A Nanomechanical Investigation of Three Putative Anti-Erosion Agents: Remineralisation and Protection against Demineralisation

1Oral Nanoscience, School of Oral & Dental Sciences, University of Bristol, Bristol BS1 2LY, UK
2Child Dental Health, School of Oral & Dental Sciences, University of Bristol, Bristol BS1 2LY, UK

Received 3 May 2012; Revised 30 May 2012; Accepted 21 June 2012

Academic Editor: Annette Wiegand

Copyright © 2012 Ahmed Z. Abdullah et al.
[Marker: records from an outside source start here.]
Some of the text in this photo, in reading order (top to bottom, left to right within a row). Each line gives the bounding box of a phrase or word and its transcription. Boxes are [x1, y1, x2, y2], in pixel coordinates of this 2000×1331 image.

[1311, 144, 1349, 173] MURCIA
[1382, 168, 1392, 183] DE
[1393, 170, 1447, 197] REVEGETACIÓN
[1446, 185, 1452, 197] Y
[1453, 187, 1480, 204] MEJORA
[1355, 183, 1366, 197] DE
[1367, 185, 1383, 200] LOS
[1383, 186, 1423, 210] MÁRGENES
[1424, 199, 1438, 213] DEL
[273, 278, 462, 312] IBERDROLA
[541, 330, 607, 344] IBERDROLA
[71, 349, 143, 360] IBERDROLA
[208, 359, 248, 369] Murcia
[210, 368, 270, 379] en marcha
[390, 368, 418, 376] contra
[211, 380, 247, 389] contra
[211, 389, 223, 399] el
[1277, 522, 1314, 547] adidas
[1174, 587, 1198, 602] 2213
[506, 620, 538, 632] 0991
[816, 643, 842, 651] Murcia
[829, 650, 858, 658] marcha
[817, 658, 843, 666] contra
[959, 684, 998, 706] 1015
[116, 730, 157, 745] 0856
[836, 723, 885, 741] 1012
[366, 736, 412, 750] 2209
This is an open access article distributed under the Creative Commons Attribution License, which permits unrestricted use, distribution, and reproduction in any medium, provided the original work is properly cited.
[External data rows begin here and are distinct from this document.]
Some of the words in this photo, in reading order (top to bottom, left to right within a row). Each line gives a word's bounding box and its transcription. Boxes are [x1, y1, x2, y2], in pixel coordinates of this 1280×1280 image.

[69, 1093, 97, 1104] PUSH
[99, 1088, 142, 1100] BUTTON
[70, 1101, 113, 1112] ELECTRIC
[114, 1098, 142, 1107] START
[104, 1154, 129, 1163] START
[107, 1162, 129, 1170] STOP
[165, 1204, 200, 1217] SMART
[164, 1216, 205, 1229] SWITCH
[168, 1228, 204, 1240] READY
An increasing interest in dental erosion as a clinical and scientific phenomenon has led to concerted efforts to identify agents which might protect against erosion. In this study, nanoindentation was used to investigate inhibition of erosive enamel demineralisation over time scales with direct clinical relevance. Nanohardness of polished human enamel specimens ( 𝑛 = 8 per group) was measured at baseline (B), after demineralisation (D1: citric acid, 0.3% w/v, pH3.20, 20s), after treatment (T), and after a second demineralisation (D2: as above). Data were analysed using repeated measures ANOVA. All specimens exhibited a similar reduction in nanohardness B-D1 in the range 35.2–39.5%. The positive control solution (saturated hydroxyapatite solution) and 4500 mg/L fluoride as NaF significantly increased nanohardness D1-T by 19.9% and 24.1%, respectively, whereas 1400 mg/L fluoride as NaF, casein phosphopeptide-amorphous calcium phosphate mousse and negative control (deionised water) had no significant effect. Nanohardness at D2 was indistinguishable for all groups, with total reduction in nanohardness B-D2 of 31.6% (4500 mg/L fluoride), 35.2% (positive control), 39.9% (1400 mg/L fluoride), 42.4% (negative control), and 43.7% (CPP-ACP product). In summary, 4500 mg/L fluoride significantly increased the nanohardness of previously demineralised enamel and resulted in the smallest total reduction in nanohardness but there were few statistically significant differences among the groups.